E arriviamo così al secondo dei tuoi incarichi. Questa cosa non si fa da soli. Studiamo in gruppi, in classi, perché il confronto con gli altri è basilare. Non si tratta di vedere chi è più bravo o di fare le gare (o le guerre) quando riportano i compiti in classe… neppure di copiare senza migliorare. Occorre confrontare le strategie, darsi suggerimenti, analizzare gli errori per modificare il metodo. Osservare come gli altri usano il tempo, l’attenzione e la memoria, risalire alla causa degli insuccessi e modificare le proprie strategie.

Ma tutto questo non si può fare senza una relazione di classe serena…

A scuola – come in tutti i fenomeni sociali - si impara per imprinting, cioè osservando istintivamente i comportamenti del primo periodo. Tutti voi siete legati al primo giorno di scuola (che forse, a livello razionale, non ricordate più) in cui siete passati dalla supremazia affettiva di casa vostra, in cui tutte le attenzioni erano per voi, alla rivalità affettiva di avere un solo adulto per troppi concorrenti. Allora si mettono in atto tutte le strategie possibili, negative e positive, di guadagnarsi l’attenzione…
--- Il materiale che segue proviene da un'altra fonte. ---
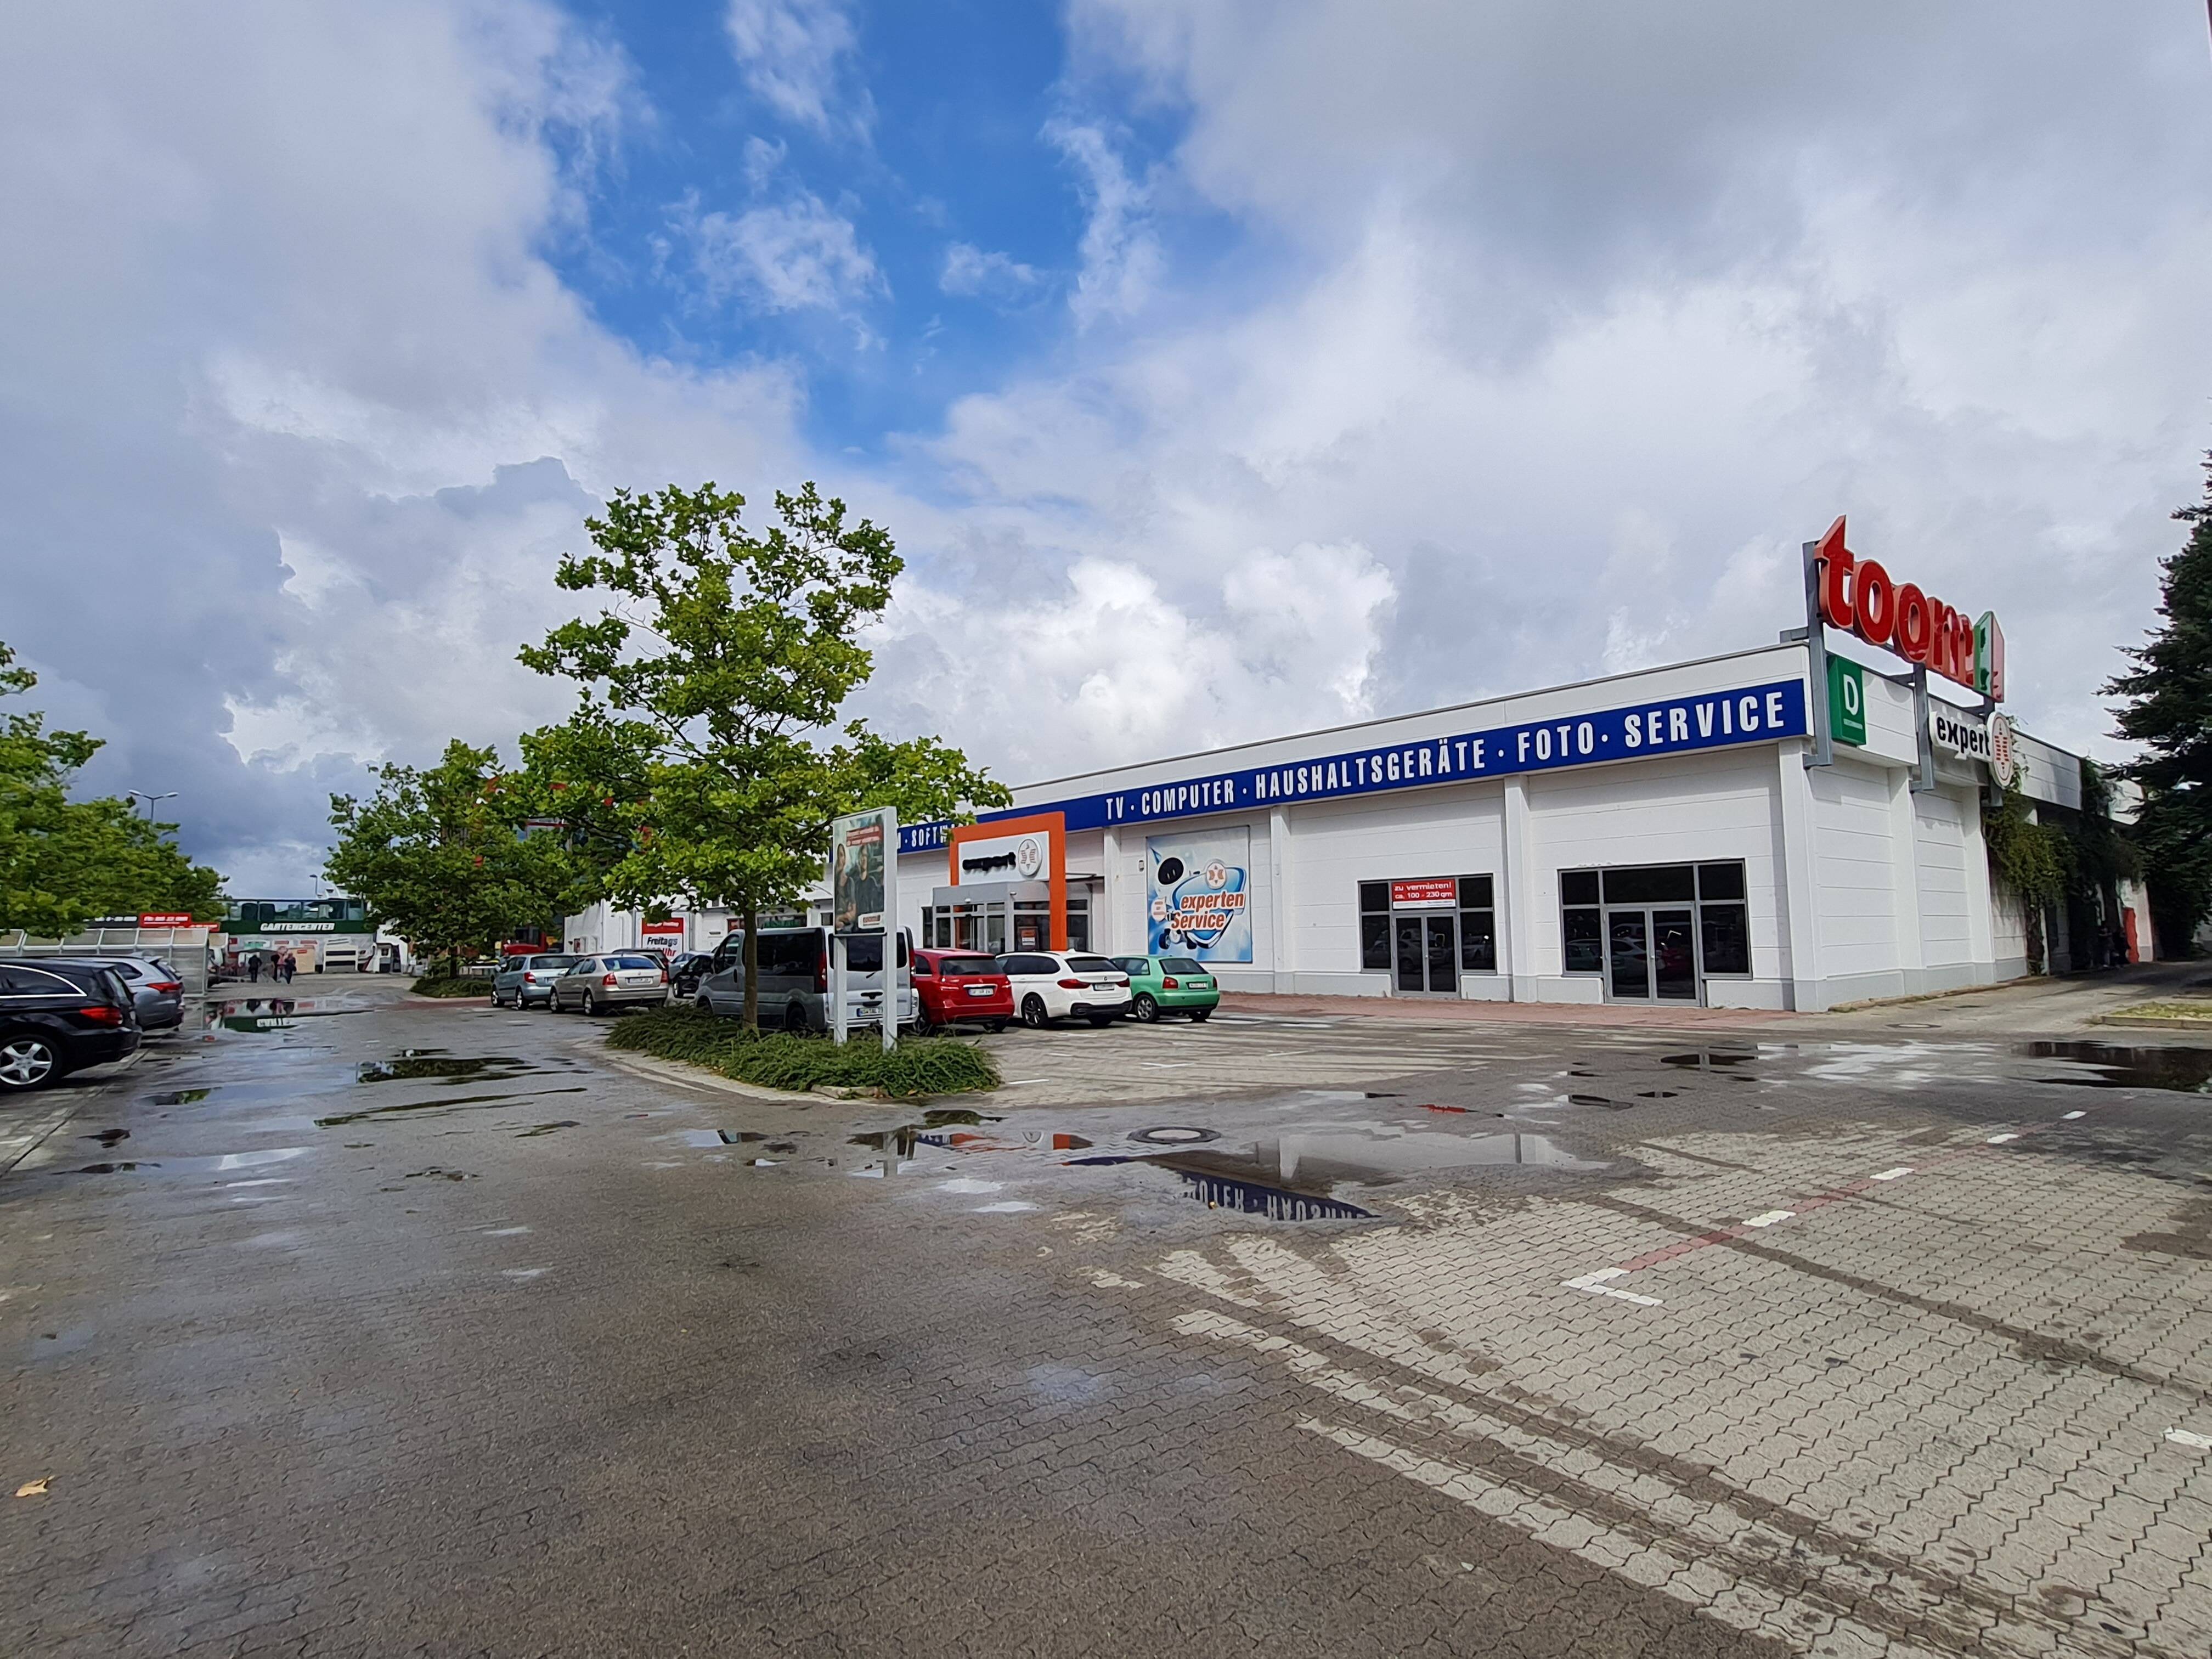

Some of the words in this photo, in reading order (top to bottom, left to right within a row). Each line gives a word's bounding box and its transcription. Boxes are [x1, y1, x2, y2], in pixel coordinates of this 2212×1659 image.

[1937, 717, 1991, 756] expert
[1106, 797, 1124, 820] TV
[1142, 779, 1234, 815] COMPUTER
[1256, 738, 1485, 799] HAUSHALTSGERÄTE
[1517, 722, 1594, 763] FOTO
[1624, 692, 1784, 748] SERVICE
[1406, 882, 1452, 891] vermieten!
[1181, 891, 1244, 912] experten
[1171, 911, 1225, 929] Service
[647, 937, 678, 947] Freitags
Ora basta, siete grandi. I compagni di classe non sono né amici né fratelli, ma neanche rivali; sono una risorsa perché insieme si lavora meglio, chiunque tu abbia affianco. Non dovete più – all’interno della classe - sviluppare le dinamiche affettive del gruppo: invidia, desiderio, esposizione, sovresposizione, attacco trasversale, gruppetto, esclusione, ecc. La classe è solo un gruppo di lavoro, le soddisfazioni affettive, quando uno è grande, le cerca altrove: con gli amici nel rapporto di coppia, nei gruppi informali, in famiglia, nelle associazioni di scopo.

C’è un solo modo di trovarsi bene in classe: dare valore agli altri, a tutti; non perché l’altro ti serva, ma perché tu hai già chi ti vuole bene fuori dalla classe. Andiamo a caccia delle cose che gli altri sanno fare meglio di noi, diciamoglielo, valorizziamole, e allora gli altri ci aiuteranno ad impararle e tutti staremo meglio. Quest’atteggiamento è contagioso, se qualcuno comincia, anche gli altri si adattano, bisogna cominciare: non guardiamo nell’altro solo la maschera che porta (spesso è costretto a portarla), ma guardiamo il suo aspetto più positivo – non solo scolasticamente. Chi sa scherzare, chi sa sdrammatizzare, chi sa gestire il tempo, chi capisce l’importanza delle cose, chi sa fare i regali, chi sa ascoltare, chi sa fare silenzio all’improvviso, chi sa comportarsi diversamente da tutti, chi sa guardarti negli occhi e capire come stai…

Diamo valore agli altri e allora potremo anche dare suggerimenti, consigli, potremo condividere tattiche e strategie. La cosa importante – infatti - non è il voto sulla pagella, ma la capacità della nostra mente e del nostro cuore; è questo che ci aiuta nella vita di ogni giorno, questo ci aiuterà nel trovare e svolgere un lavoro, questo – soprattutto – ci aiuterà nella preziosa ricerca della felicità. Buona caccia!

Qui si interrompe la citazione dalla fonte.